Adaptation of the STYLE 2.0 intervention occurred during the first 6 months of the project funding, August 2018 through January 2019. We chose to expand the age range for recruitment purposes to ensure we were able to enroll sufficient participants into the study, and in line with other studies who define “younger” between 18 and 35 years.46 All adaptations were informed by extensive guidance from a Young adult Advisory Board (YAB) of BMSM. The YAB consisted of 4–8 YBMSM living with HIV, the number fluctuated throughout the project as some YAB members moved away or were no longer available to participate, from the intervention regions that met monthly throughout STYLE 2.0 intervention development.
The YAB was convened as a new group specifically for STYLE 2.0. Potential YAB participants were identified through clinic staff, community members, and word of mouth. Although the YAB did not develop intervention activities, they were able to offer feedback and opinions on implementation of activities such as recruitment approaches and timing and language around warm hand offs to the behavioral health provider. The YAB also worked with STYLE 2.0 staff to review all of the original STYLE materials (e.g., logos and advertising materials) to determine which materials should be used or modified for use in STYLE 2.0. The YAB continued to meet regularly with the project team throughout the project to provide input on intervention implementation, evaluation, and dissemination. YAB members were reimbursed each meeting attended through an e-gift card for their time.
Intervention description
STYLE 2.0 participants were able to choose their level of participation in the components of the intervention. All participants were assigned one of two STYLE 2.0 HCN and completed enrollment and assessment activities. HCN were located in the Durham, NC region and provided services to all STYLE 2.0 participants through phone or virtually. Navigators were chosen due to their involvement in Black lesbian, gay, bisexual, transgender, and questioning (LGBTQ) and HIV-centered communities and provided culturally competent services.

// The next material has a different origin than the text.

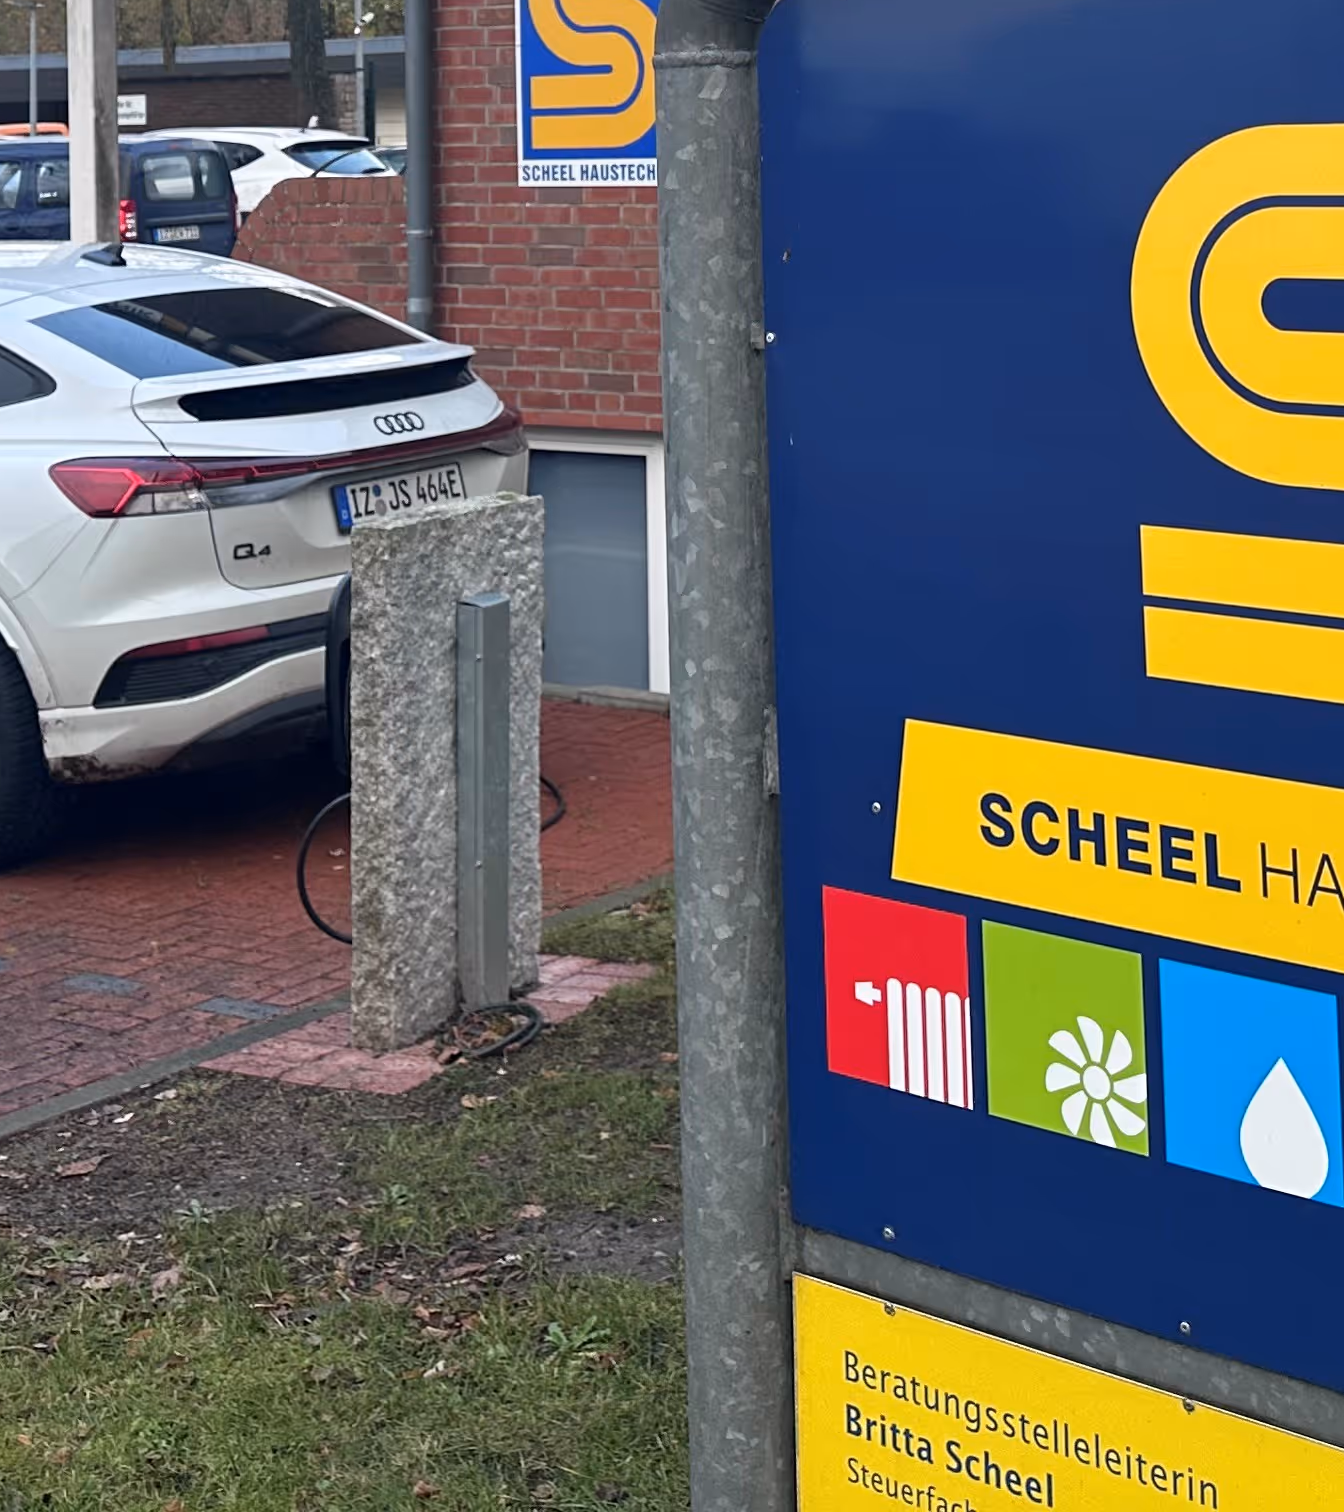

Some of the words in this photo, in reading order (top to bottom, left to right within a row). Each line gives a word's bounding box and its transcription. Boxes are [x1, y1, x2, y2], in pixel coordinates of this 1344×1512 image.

After enrollment HCN shared the various STYLE 2.0 components with participants, including HCN one-on-one sessions, behavioral health services, virtual support group, and the STYLE 2.0 app. Participants were then able to determine their level of participation, for example, support groups and app engagement were not mandatory, but available for those who chose to participate. Although HCN one-on-one sessions were not mandatory, they were highly encouraged. Navigators used a CDC-adapted program, Choosing Life: Empowerment, Actions, Results (CLEAR),47 which they used to assist participants in creating skills to help them make healthy life choices.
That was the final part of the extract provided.